Statistical Analysis
Continuous variables are presented as the mean with the associated standard deviation (SD). All potential variables predictive of true bacteremia are shown in Table 1. The variables were dichotomized by clinically meaningful thresholds and used as potential risk-adjusted variables. We calculated the sensitivity and specificity and positive and negative predictive value for each criterion. Multiple logistic regression analysis was used to select components that were significantly associated with true bacteremia (the level of statistical significance determined with maximum likelihood methods was set at P < .05). To visualize and quantify other aspects in the prediction of true bacteremia, a recursive partitioning analysis (RPA) was used to make a decision tree model for true bacteremia. This nonparametric regression method produces a classification tree following a series of nonsequential top-down binary splits. The tree-building process starts by considering a set of predictive variables and selects the variable that produces 2 subsets of participants with the greatest purity. Two factors are considered when splitting a node into its daughter nodes: the goodness of the split and the amount of impurity in the daughter nodes. The splitting process is repeated until further partitioning is no longer possible and the terminal nodes have been reached. Details on this method are discussed in Monte Carlo Calibration of Distributions of Partition Statistics (www.jmp.com).

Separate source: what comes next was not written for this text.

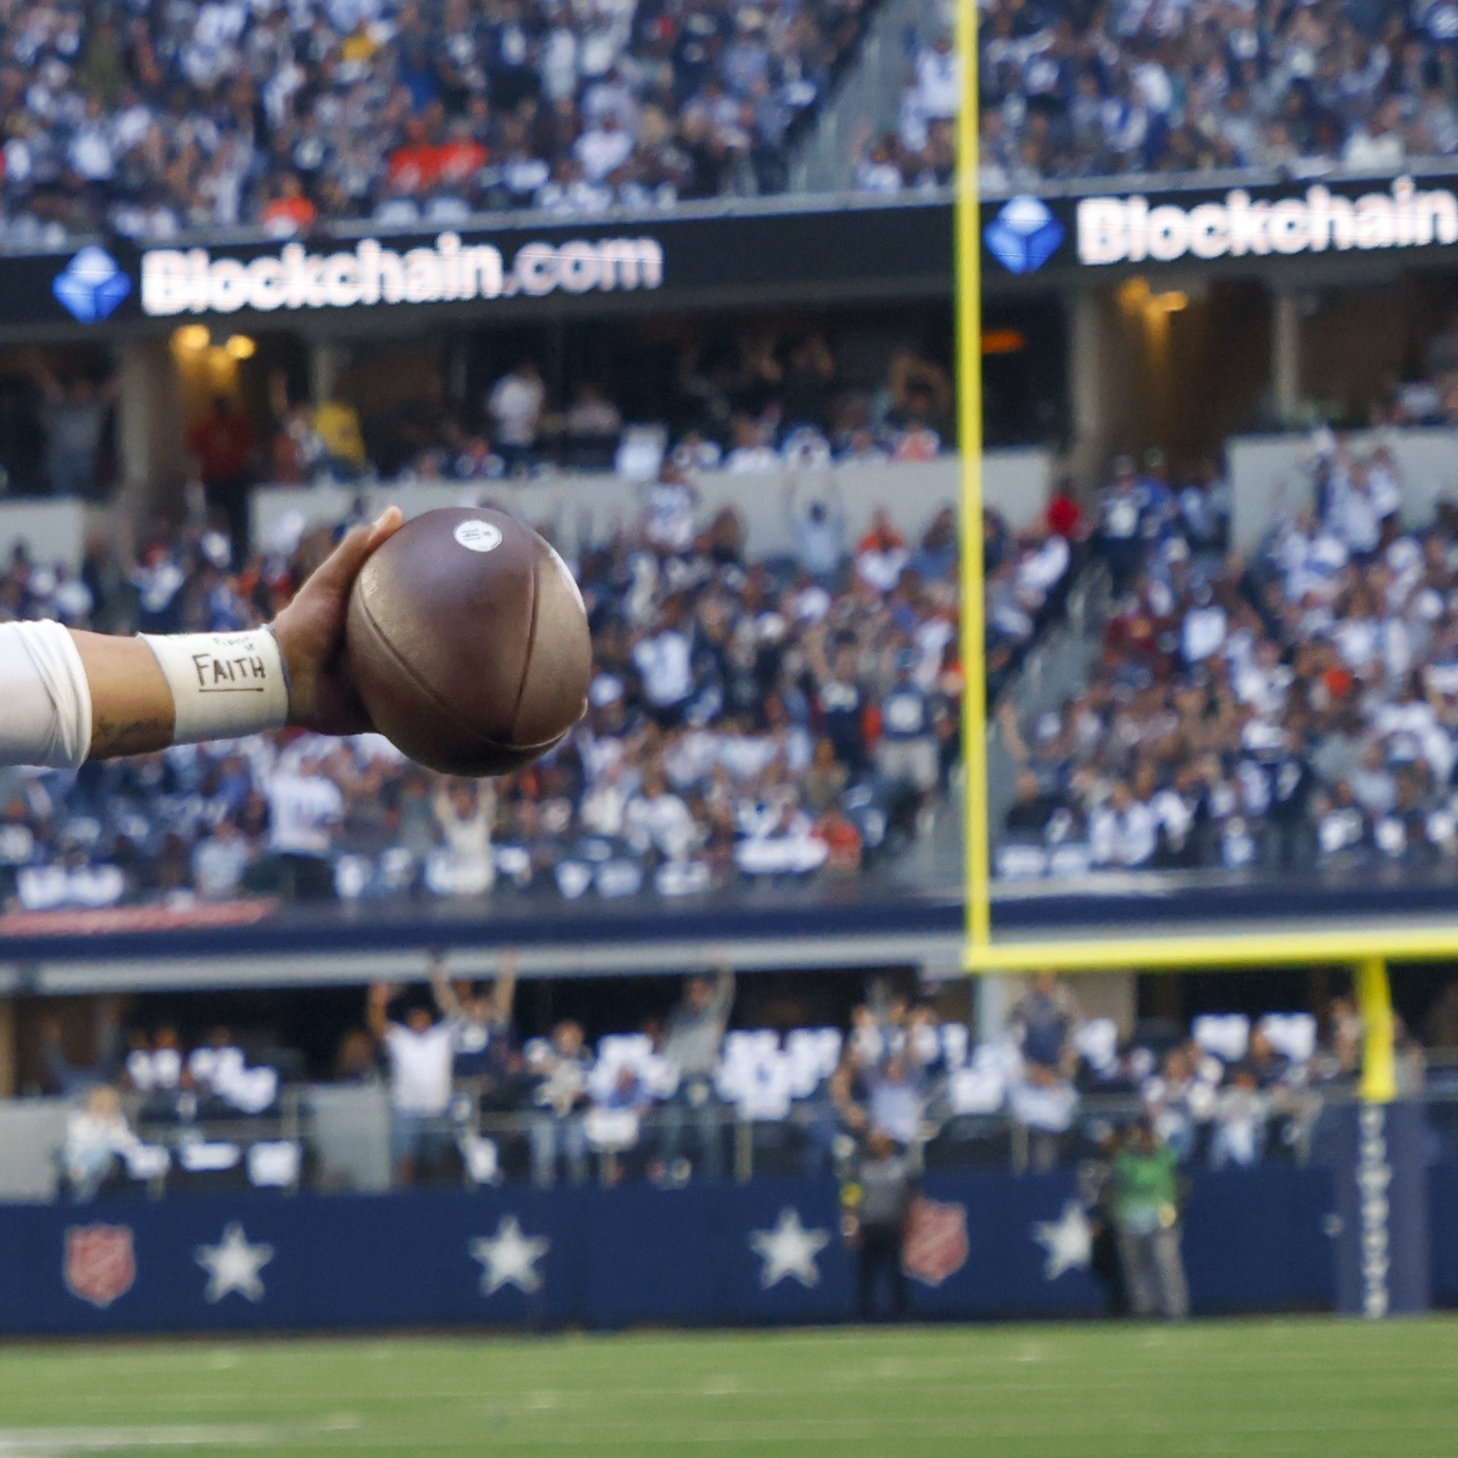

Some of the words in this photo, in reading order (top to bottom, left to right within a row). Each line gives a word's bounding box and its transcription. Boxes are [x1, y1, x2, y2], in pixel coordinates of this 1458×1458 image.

Probability was considered significant at a value of P < .05. All statistical tests were 2-tailed. Statistical analyses were conducted by a physician (KI) and an independent statistician (JM) with the use of the SPSS® v.16.0 software package (SPSS Inc., Chicago, IL) and JMP® version 8.0.2 (SAS Institute, Cary, NC).
RESULTS
Patients Characteristics
Two thousand seven hundred and ninety-two patients met the inclusion criteria for our study, from which 849 were excluded (see Figure 1 for flow diagram). Among the remaining 1,943 patients, there were 317 patients with positive BCs, of which 221 patients (69.7%) were considered to have true-positive BCs and 96 (30.3%) were considered to have contaminated BCs. After excluding these 96 patients, 221 patients with true bacteremia (true bacteremic group) were compared with 1,626 nonbacteremic patients (nonbacteremic group; Figure 1). The baseline characteristics of the subjects are shown in Table 1. The mean BT was 38.4 ± 1.2°C in the true bacteremic group and 37.9 ± 1.0°C in the nonbacteremic group. The mean serum CRP level was 11.6 ± 9.6 mg/dL in the true bacteremic group and 7.3 ± 6.9 mg/dL in the nonbacteremic group. In the true bacteremic group, there were 6 afebrile patients, and 27 patients without leukocytosis. The pathogens identified from the true-positive BCs were Escherichia coli (n = 59, 26.7%), including extended-spectrum beta-lactamase producing species, Staphylococcus aureus (n = 36, 16.3%), including methicillin-resistant Staphylococcus aureus, and Klebsiella pneumoniae (n = 22, 10.0%; Supplemental Table 1).